Presidindo o comitê organizador, o Kaiser ajudou a realizar um dos Mundiais mais sustentáveis da história. A infraestrutura já estava pronta, enquanto as melhorias nos estádios foram imediatamente absorvidas pelos clubes – exceção feita a Leipzig. Além disso, a Copa ajudou a catalisar o nacionalismo alemão, um sentimento muitas vezes contido por conta da história do país nas guerras mundiais. A mobilização gerada pelo torneio criou um ciclo benéfico dentro do futebol alemão. Estádios modernos passaram a levar mais torcedores às arquibancadas. Assim, a média de público cresceu 46% somente neste século, saltando de 30,8 mil presentes por jogo em 2000/01 para 44,2 mil na atual temporada. Isso sem contar ainda o trabalho de formação de jogadores feito pela federação e motivado também em partes pelo Mundial.
Só que, assim como a escolha da Alemanha como sede teve os seus problemas, Beckenbauer passou a se envolver com polêmicas mais frequentemente.
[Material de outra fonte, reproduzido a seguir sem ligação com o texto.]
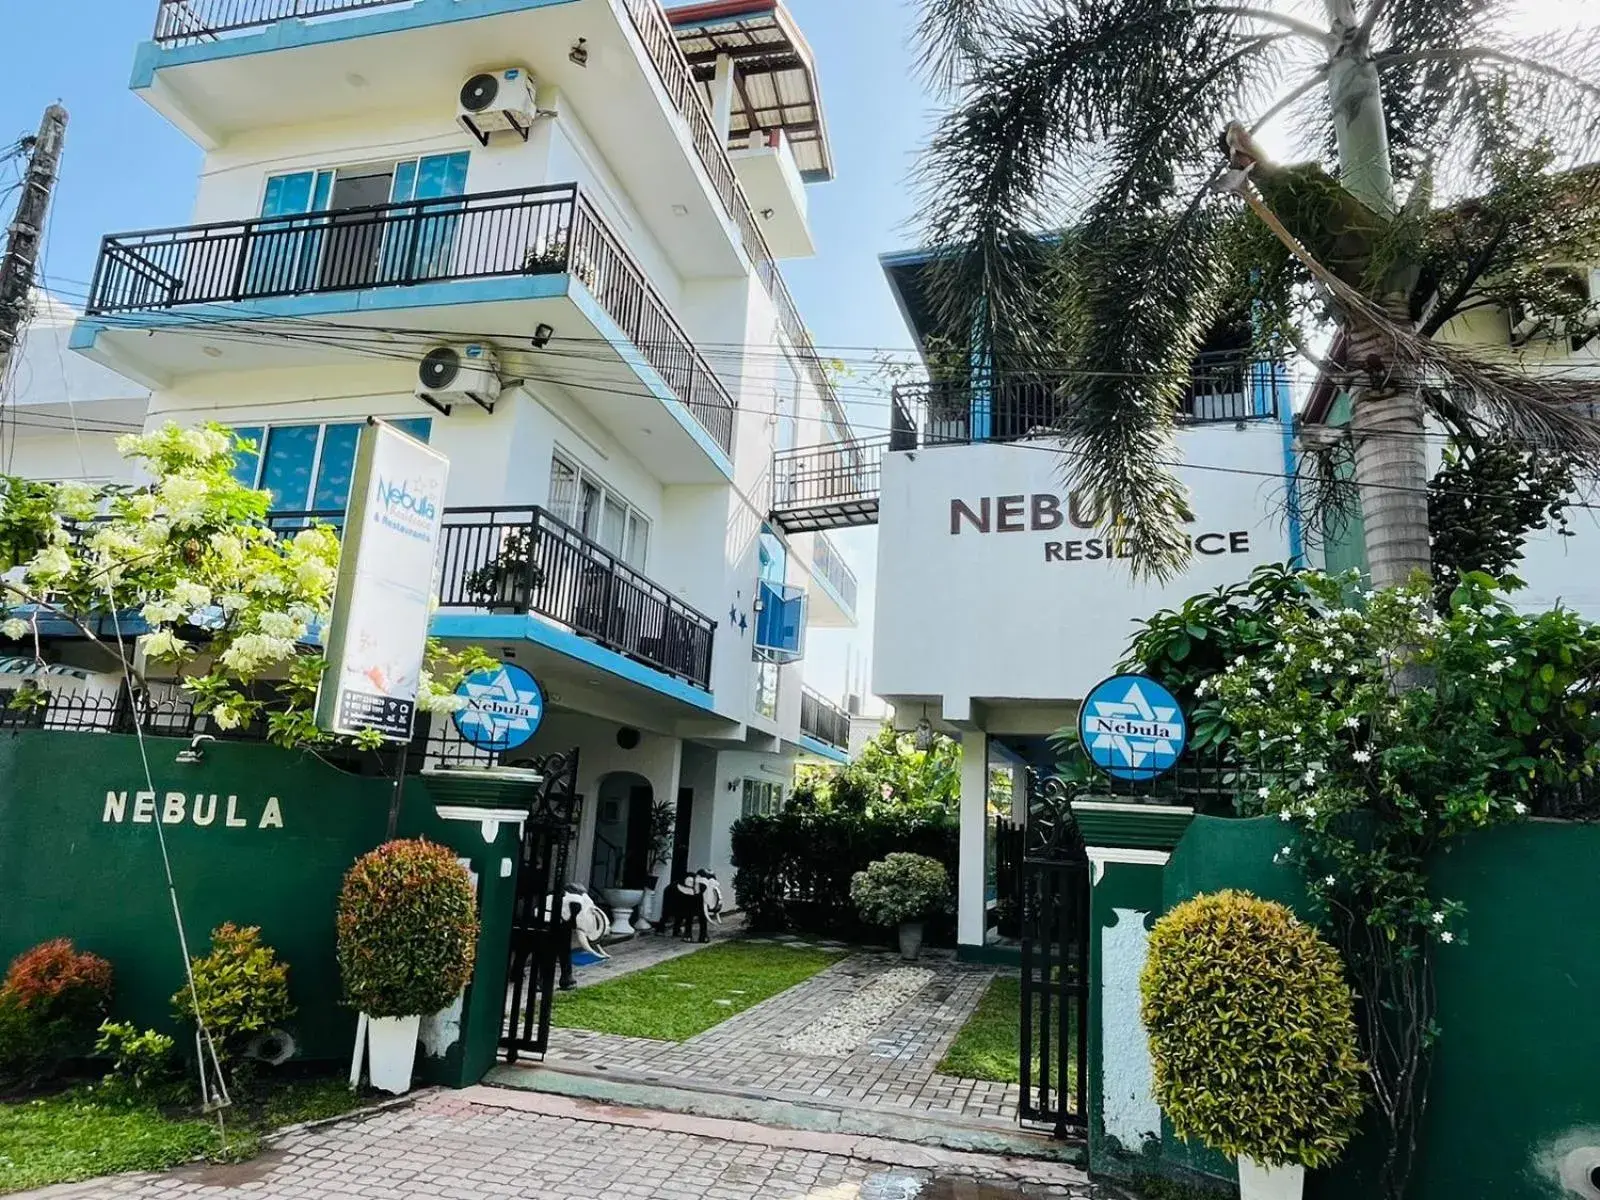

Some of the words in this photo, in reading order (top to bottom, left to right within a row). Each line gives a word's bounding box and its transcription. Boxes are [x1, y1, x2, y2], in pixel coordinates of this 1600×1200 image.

[376, 473, 434, 520] Nebula
[949, 493, 1195, 534] NEBU
[468, 698, 529, 716] Nebula
[1097, 719, 1170, 738] Nebula
[102, 791, 284, 829] NEBULA
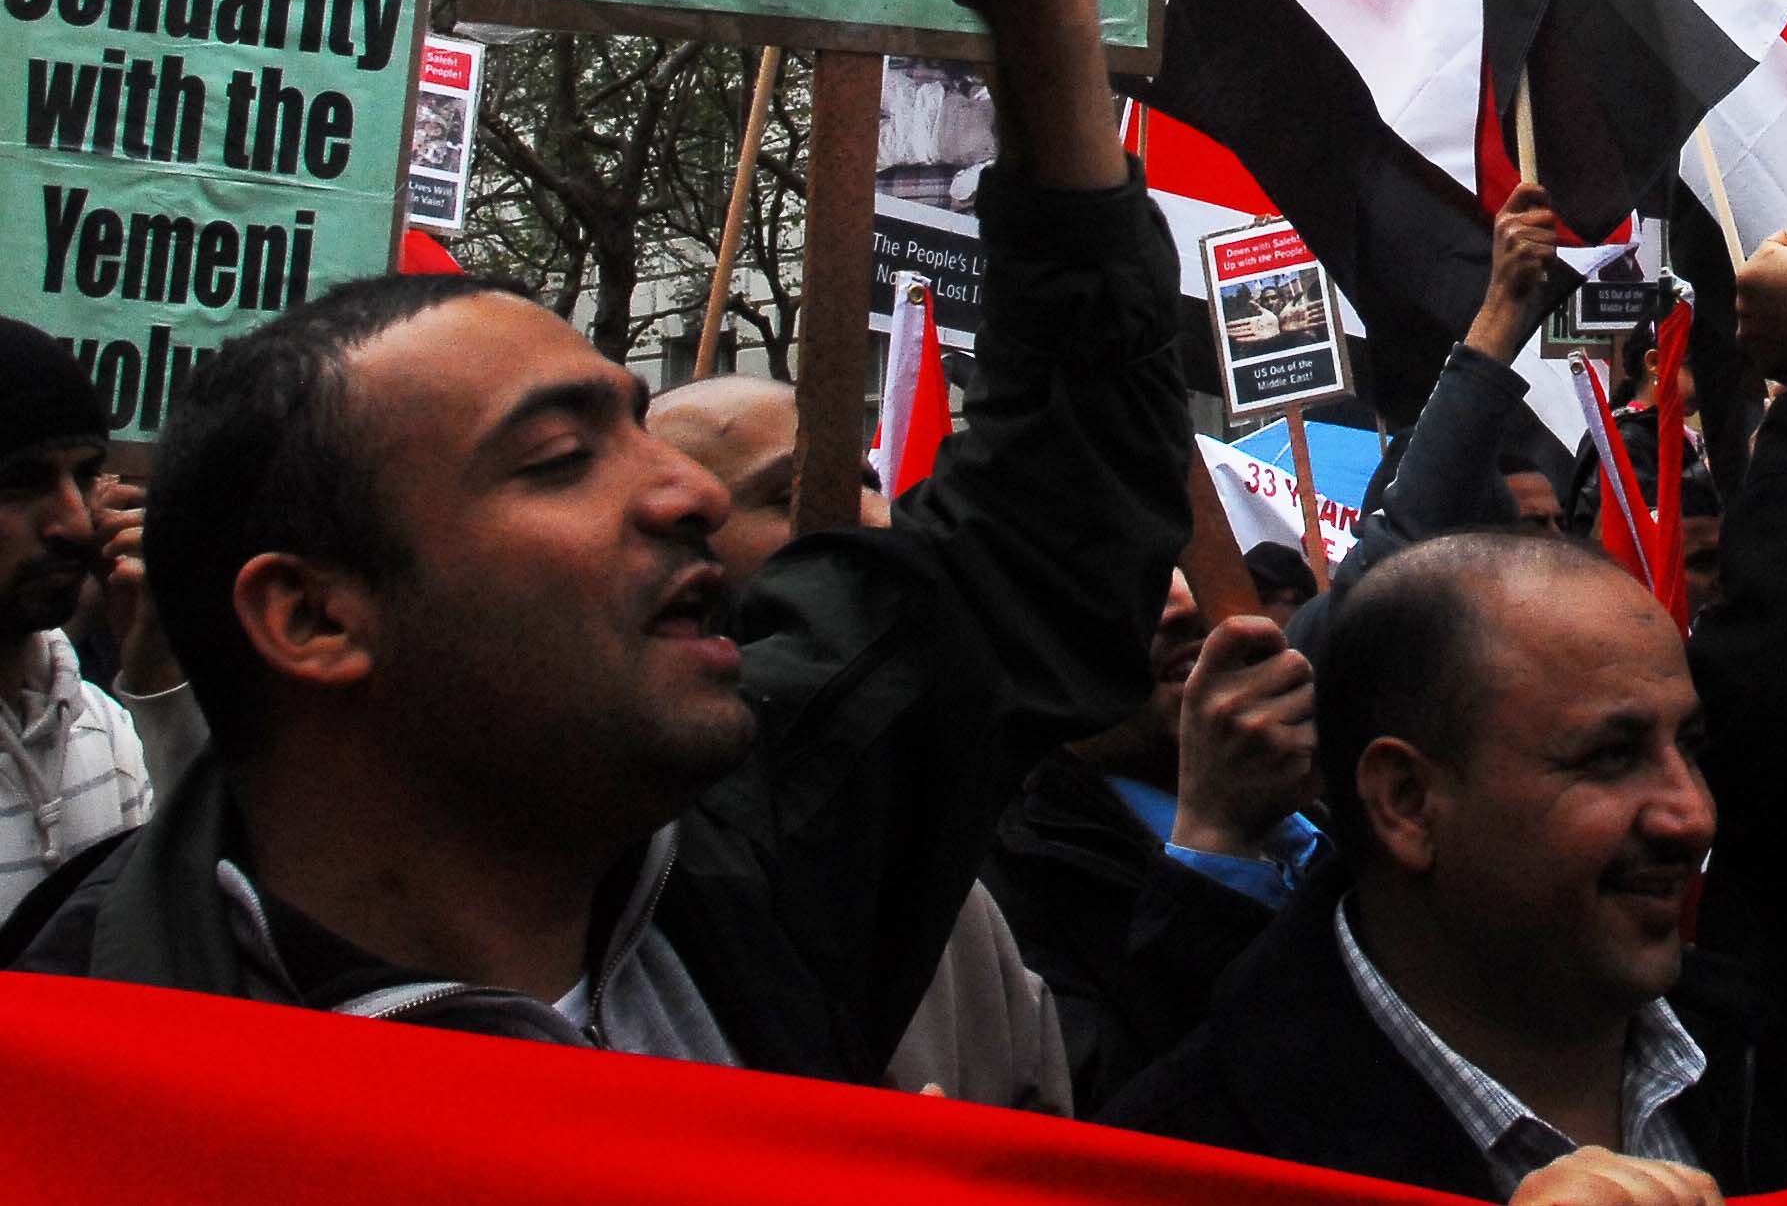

A personalidade dura sempre foi um traço marcante desde os tempos de categorias de base. No entanto, como alguém cada vez mais envolvido nos meandros políticos, o Kaiser expôs a sua face. A relação íntima com dirigentes da Fifa, por exemplo, culminou em sua suspensão por não colaborar com as investigações sobre o caso de suborno na Copa de 2022. E, desligado do Bayern, o veterano passou a emprestar sua voz à mídia. Nos últimos tempos, coleciona declarações francas e críticas, mas que também soam como ranzinzas por vezes. Envolveu-se com questões suspeitas e sua visão se tornou cada vez mais dispensável.

Independente das contestações a sua figura pública, entretanto, Beckenbauer para sempre será lembrado como um personagem fundamental no futebol. O dirigente e o técnico tiveram papéis importantes, mas devem muito ao craque. Em um país que se orgulha dos gênios em diferentes áreas do conhecimento, o Kaiser foi o maior no futebol. Se o “futebol de filósofos” do Monty Python não passa de uma piada, a presença de Beckenbauer ao lado de Kant, Hegel, Schopenhauer, Nietzche e outras mentes brilhantes, de certa forma, tem toda a sua razão.